When Federal Minister for Finance Miftah Ismail was contacted for seeking comments regarding any consideration for seeking debt restructuring or making a request to the IMF for additional funding, he replied: “We are neither approaching the IMF for additional funding nor are we considering debt restructuring”.
However, top official sources confirmed that the high-powered committee for assessment of economic losses estimated that the unemployment numbers increased and it was initially estimated that the unemployment rate might be increased by 1 to 1.5 per cent and would be standing at 6 per cent to 7 or 7.5 per cent in the post-flood scenario. The prevalence of poverty has also gone up as 8 to 11 million people slipped into the trap of poverty. The high-powered committee finalized that the poverty increased in the range of 9 to 11 per cent as it stood at 21.9 per cent, so in the post-flood situation, it might go up to over 30 per cent. The Planning Commission had initially estimated that poverty might go up in the range of 4.5 to 6 per cent.
When Minister of State for Finance Aisha Ghaus Pasha was contacted on Monday, she said the work on ascertaining economic losses was under way and hoped that this exercise would be accomplished soon.
According to a summary of exact losses shared with the high-powered committee, stating that Pakistan’s economy was passing through the phase multiple challenges – including the Balance of Payment (BoP) crisis, heavy debt burden and solvency-related issues. “The devastations of floods have further intensified the crisis.
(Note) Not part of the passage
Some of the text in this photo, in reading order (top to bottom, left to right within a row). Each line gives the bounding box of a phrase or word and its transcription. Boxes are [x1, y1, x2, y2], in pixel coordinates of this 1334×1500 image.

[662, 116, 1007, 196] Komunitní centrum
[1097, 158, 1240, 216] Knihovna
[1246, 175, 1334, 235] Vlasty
The sectoral and overall targets set at the time of formulation of the annual plan have become irrelevant,” it stated. Inflationary pressures are still persistent and with supply glitches due to communication failures will further aggravate. Despite approval of the IMF programme, the external sector woes are not yet over and liquidity position needs to be strengthened with the help of friendly countries and development partners.
Due to severe damages to crops in Sindh, Balochistan and KP, the agriculture sector growth is expected to decelerate by 0.7% (against actual projected (AP) target of 3.9%), while the industrial sector growth is estimated to come down to 1.9% from AP target of 5.9% and the post-flood growth of the services sector is expected at 3.5% (against AP Target of 5.1%). “The overall GDP growth for FY23 is projected at 2.3%. The Real GDP will decrease by Rs 1,064 billion due to recent floods. In nominal terms, this loss is equivalent to Rs 2022 billion ($9.3 billion).”
Agriculture Sector: the worst-hit is the crops sector where cotton, rice and sugarcane crops have suffered significant losses. The cotton crop of Sindh has completely wiped out and 70% of the rice crop has been damaged. Expected delay in wheat sowing due to inundated lands is expected to take toll in the form of lower output. Therefore, Important Crops GVA is expected to reduce by 10.5%. Minor crops like chilies, tomato, onion etc. have also faced floods and are assumed to be contributing 5% lesser value added to GDP during FY23.
Livestock in Balochistan, Sindh and South Punjab has been hit hard by floods and almost one million large and small animals have died. Therefore, the anticipated growth of 3.7% is lowered to 1.6%.
Industry Sector: Due to lower availability of the domestic cotton and high global prices growth in the textile sector is expected to drop. Moreover, due to lower demand, the automobile and fertilizer sectors are also expected to be affected. Therefore, the growth in the industry sector is expected to come down to 1.9% against the earlier estimates of 5.9%.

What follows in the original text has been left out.